ACTION ITEM
The records below must be transcribed exactly, with each picture left out.

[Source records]
*** Block opens ***
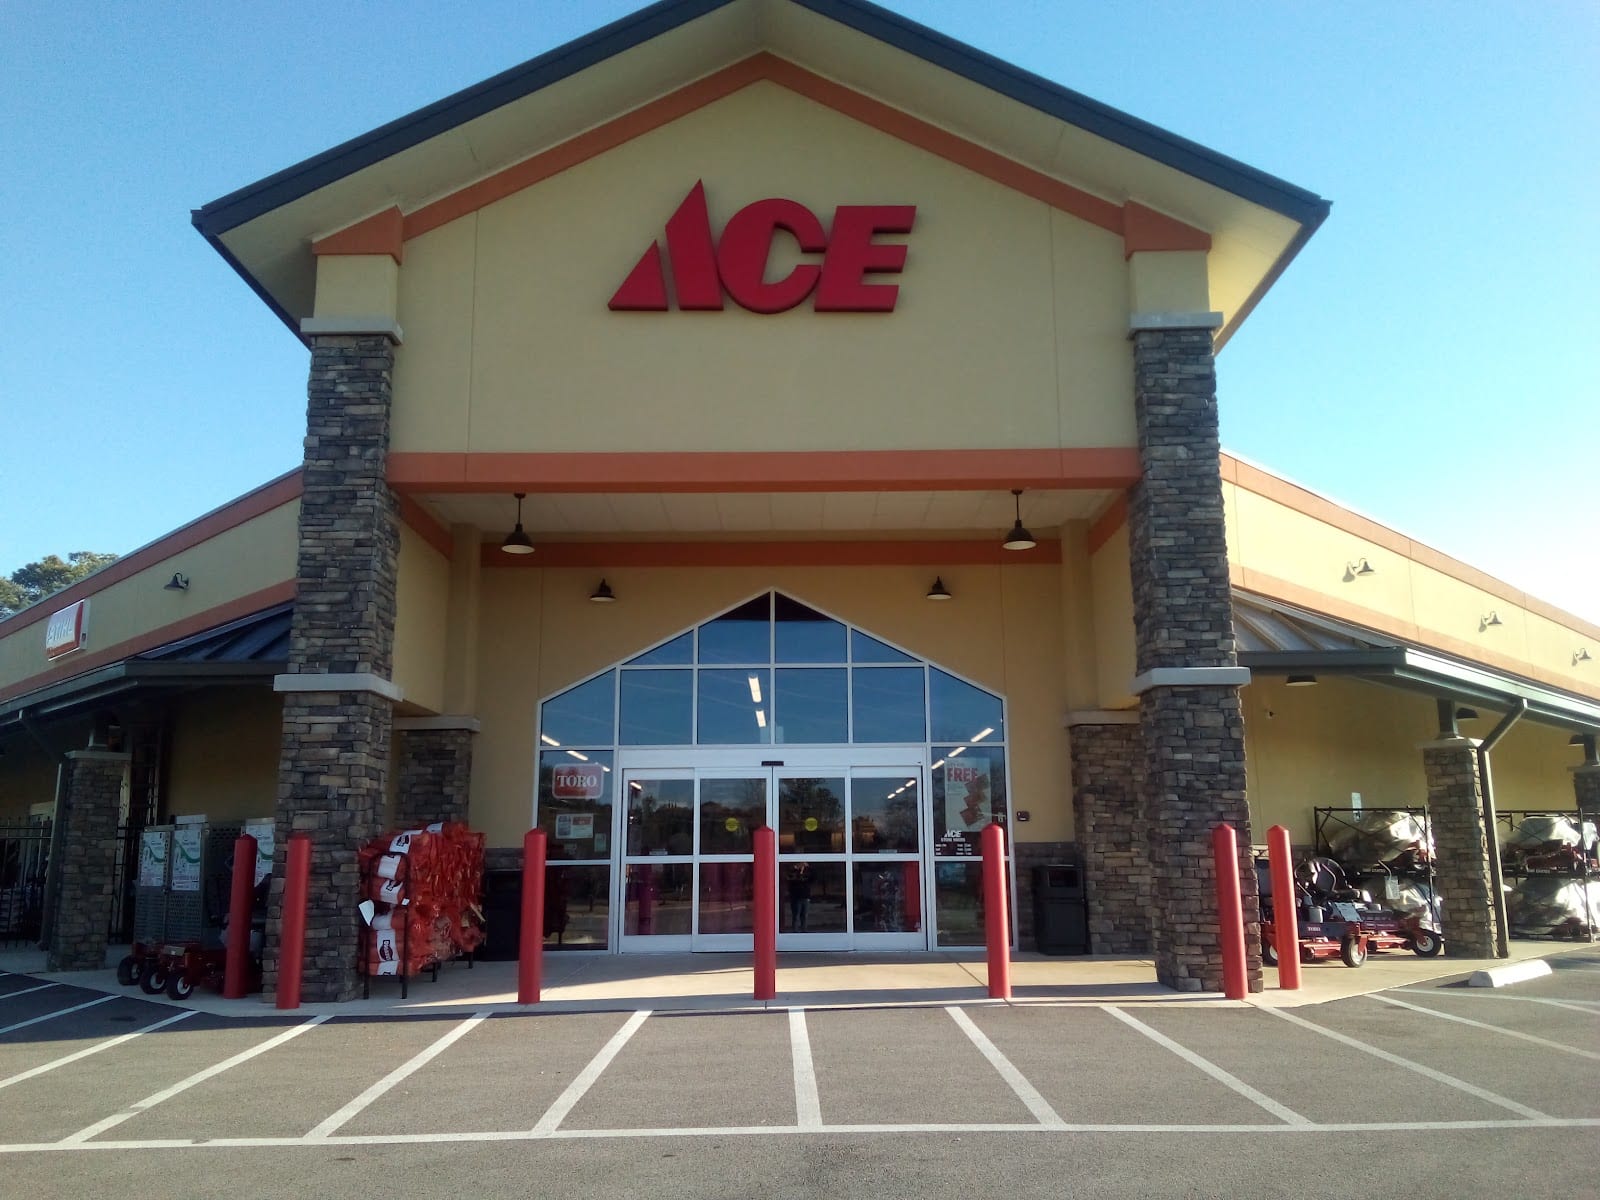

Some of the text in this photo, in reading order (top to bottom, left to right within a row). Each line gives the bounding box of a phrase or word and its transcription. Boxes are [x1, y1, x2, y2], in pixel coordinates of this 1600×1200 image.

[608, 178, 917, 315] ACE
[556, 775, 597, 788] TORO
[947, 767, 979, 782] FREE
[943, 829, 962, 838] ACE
*** Block closes ***
RESPONSE BELOW
Some of the text in this photo, in reading order (top to bottom, left to right within a row). Each line gives the bounding box of a phrase or word and its transcription. Boxes are [x1, y1, x2, y2], in pixel coordinates of this 1600×1200 image.

[608, 178, 917, 315] ACE
[556, 775, 597, 788] TORO
[947, 767, 979, 782] FREE
[943, 829, 962, 838] ACE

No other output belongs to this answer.